Managing PSPs and RBAC can be complex.
If you don’t have everything set just correctly, you can prevent properly configured pods from deploying at all. A policy that is too restrictive may present challenges as some containers that are pulled from public registries are using the root user. In these cases, modification and upkeep will need to be maintained by you. If the upstream image changes, you will need to merge those changes into yours. The same challenges exist for Helm based deployments.
Another potential pitfall with PSPs is that testing your policies requires deploying them somewhere and validating them. To do this correctly, you would need to apply the same configurations from your live cluster to your test one. If you are managing different clusters for different teams, it might require additional cluster building automation and configuration management.
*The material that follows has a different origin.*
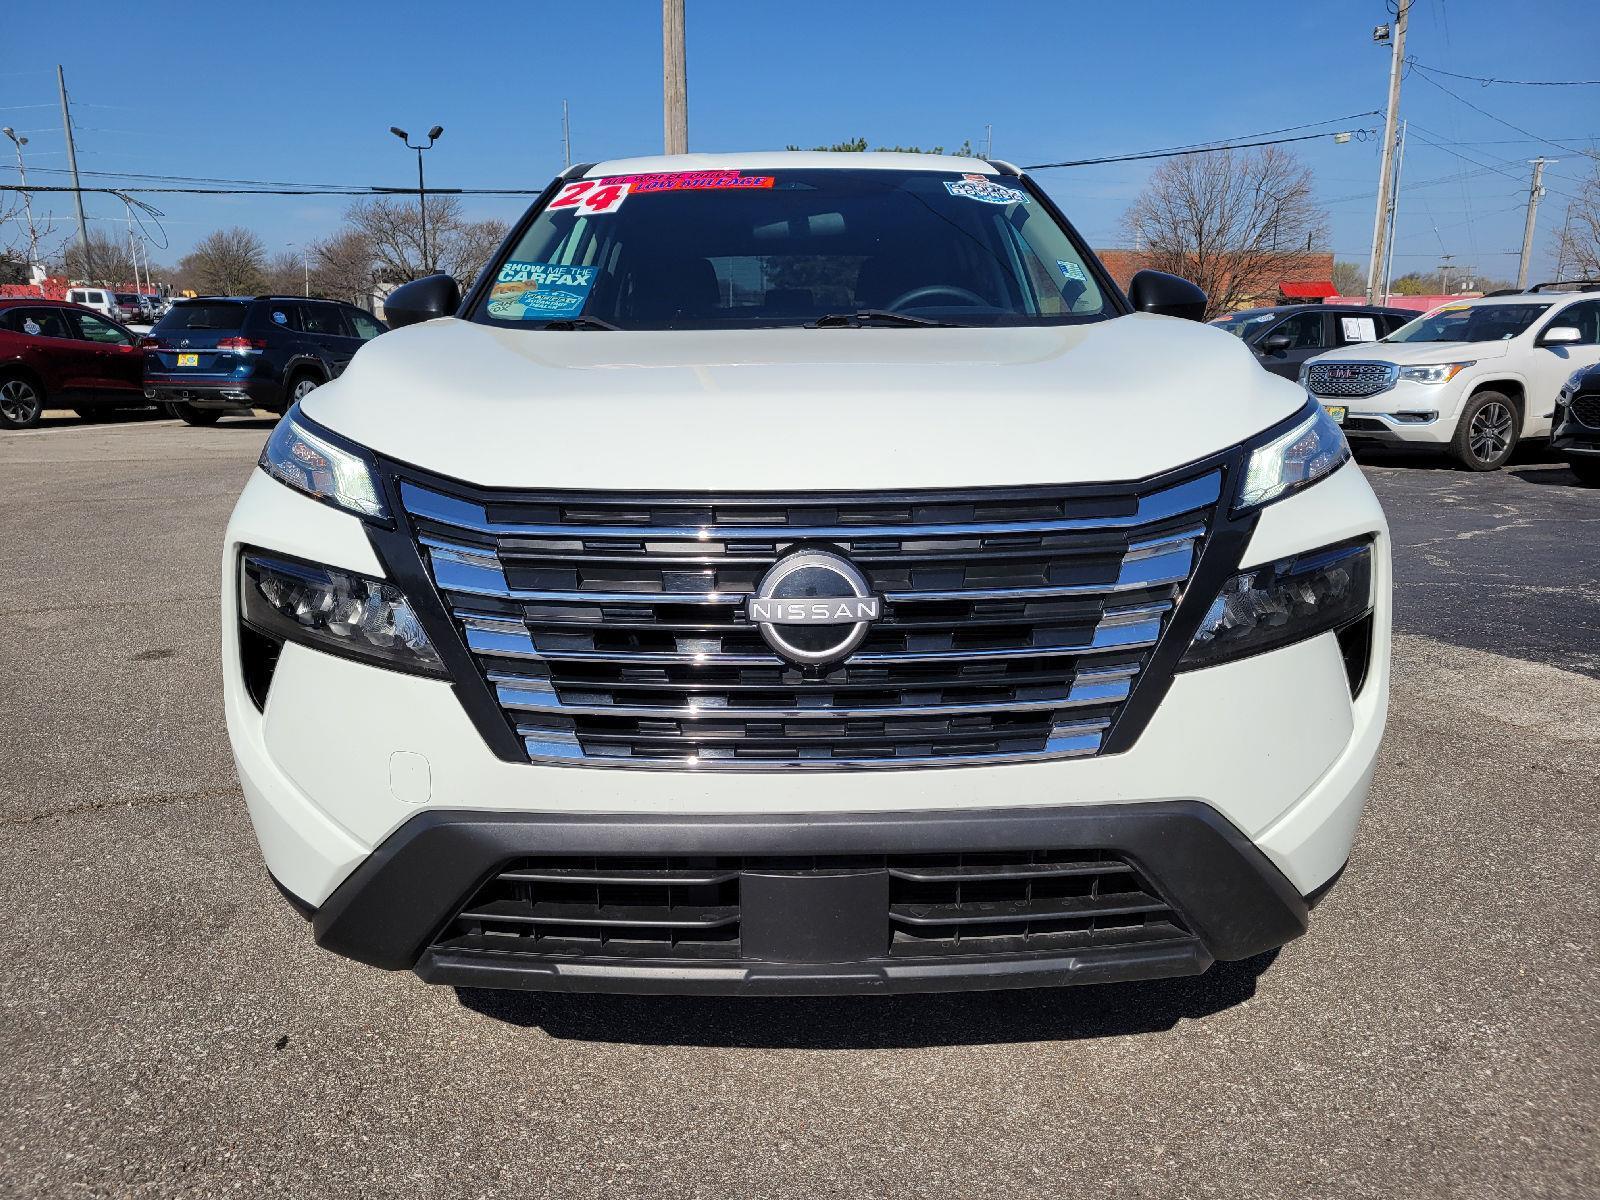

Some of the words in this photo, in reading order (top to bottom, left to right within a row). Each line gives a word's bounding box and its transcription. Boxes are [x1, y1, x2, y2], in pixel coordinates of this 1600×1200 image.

One last pitfall is managing multiple policies in one cluster. One obvious reason you might have multiple policies is that one type of pod needs more privileges than the others. A way to achieve mixing-and-matching is by crafting your RBAC policies, service accounts, and PSPs with specific workloads. Since PSPs are cluster wide, you’ll have to come up with your own strategy that best suits your requirements.
For the same reasons you don’t give out root access, you also need your containers to run without unnecessary privileges. Prevent your teams from unknowingly running containers with elevated permissions and configurations to help safeguard your Kubernetes cluster from within. The last thing you need right now is a rogue container deleting all the files on an NFS mount so enable PSPs today, so you won’t be restoring services tomorrow.